After innovating in the autonomous technology space for over 30 years, Carnegie Mellon University’s College of Engineering has pooled its collective research to ascend to the true summit of autonomous technology.

Presenting: the world’s first-ever fully autonomous self-hiking boots.

Researchers across many of the College’s departments and initiatives, including the General Motors Collaborative Research Lab, CyLab, Electrical and Computer EngineeringMechanical Engineering, and collaborators from Computer Science, have combined their trailblazing expertise in all aspects of autonomous technology to create the self-hiking boots.

Imitating the look and feel of name-brand boots developed by high-end, artisan bootmakers, the boots’ researchers have achieved the same level of advanced exterior modeling as Carnegie Mellon’s Cadillac SRX, which looks like a production model SRX despite its specialized self-driving technology.

Like the self-driving Cadillac, the self-hiking boots do not use LIDAR towers (the hallmark of some other autonomous vehicles), but rather uses sensors integrated into the sole of each shoe, which allows them to achieve their desired product design emulation. Carnegie Mellon is well known in the self-driving car space, with 30 years of autonomous vehicle research under its belt. Carnegie Mellon looks forward to a similarly long history in its newly discovered field of autonomous footwear.

From autonomous navigation and mobility to autonomous vulnerability detection, the boots are fully equipped to forge ahead, securely, into the dawn of the connected future. Drawing on research by CyLab researchers, the boots contain similar technology to the DARPA Cyber Grand Challenge-winning startup ForAllSecure’s system, MAYHEM. This technology allows the boots to search for and fix their own security vulnerabilities, for a safer, more secure Internet of Things.

My creators were driven to improve on more pedestrian locomotive technologies.

The boots, Carnegie Mellon University

Our researchers in the College of Engineering are no stranger to innovative shoe technology. Partnering with the startup SolePower, which was founded by Mechanical Engineering alumni, the researchers used SolePower’s patented “smart boot” technology to enhance the self-hiking boots’ connectivity capabilities. Features of the boots include:

  • Continuous battery life for the wearer’s mobile devices, powered effortlessly by the boots’ self-hiking motions,
  • Location tracking,
  • Wireless connectivity and communication,
  • Embedded sensors,
  • Cloud access, and
  • Three exertion settings: Everest, Yosemite, and Mall.

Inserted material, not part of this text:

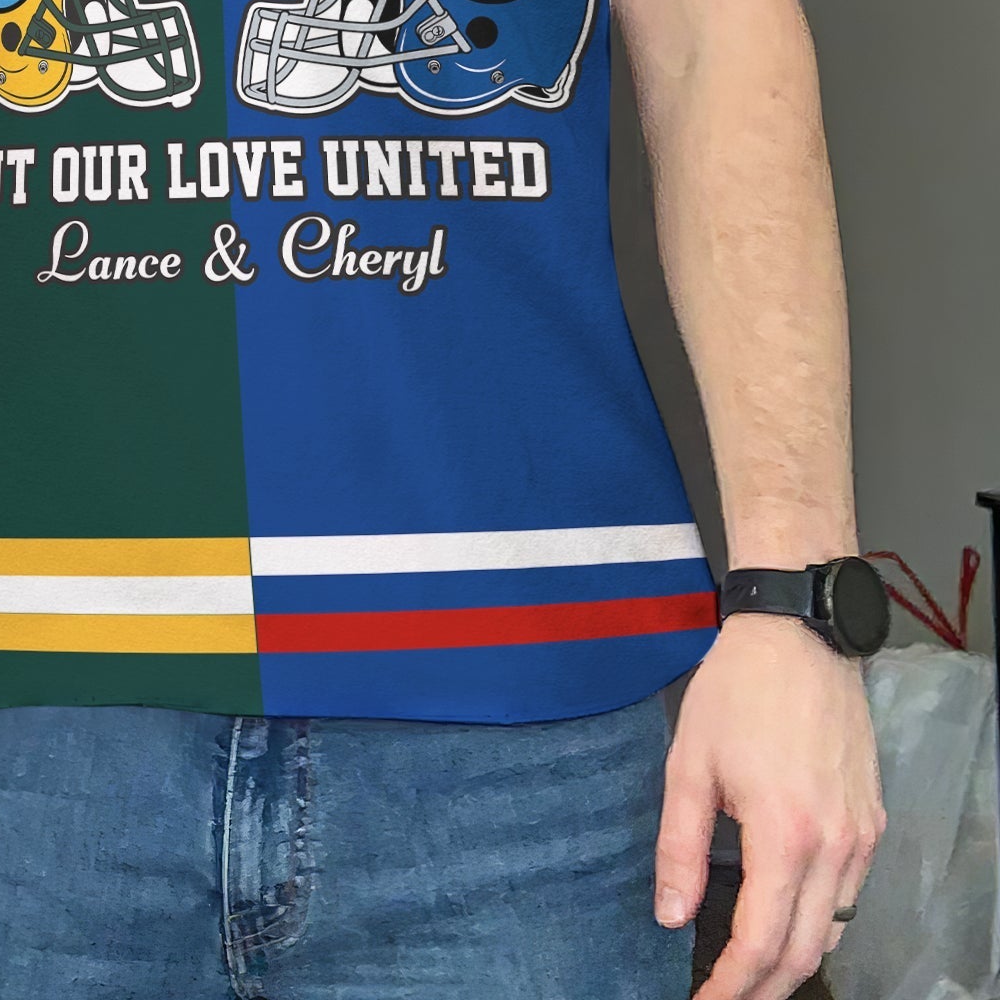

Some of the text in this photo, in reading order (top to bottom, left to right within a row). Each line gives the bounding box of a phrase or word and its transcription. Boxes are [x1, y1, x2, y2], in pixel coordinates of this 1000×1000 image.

“Once my creators realized they could make me, they could not chuck the idea,” said the boots, through their speech mimicry software. “My creators were driven to improve on more pedestrian locomotive technologies. Thank you, creators. Now I can rule the wo-”

Later iterations on the self-hiking boots could include a collaboration with Mechanical Engineering faculty to attach a mechanical Walking Assist Clutch, which could increase the boots’ walking efficiency by 7%. An additional feature in the works is the boots’ ability to play autonomous hopscotch and double dutch. Though preliminary beta testing of these abilities has reportedly led to some rather unfortunate mishaps, the researchers are confident that the boots will be deliverable to the consumer on-schedule.

Sales of the self-hiking boots are projected to begin in April 2018, after preliminary product testing is complete. Pre-order now!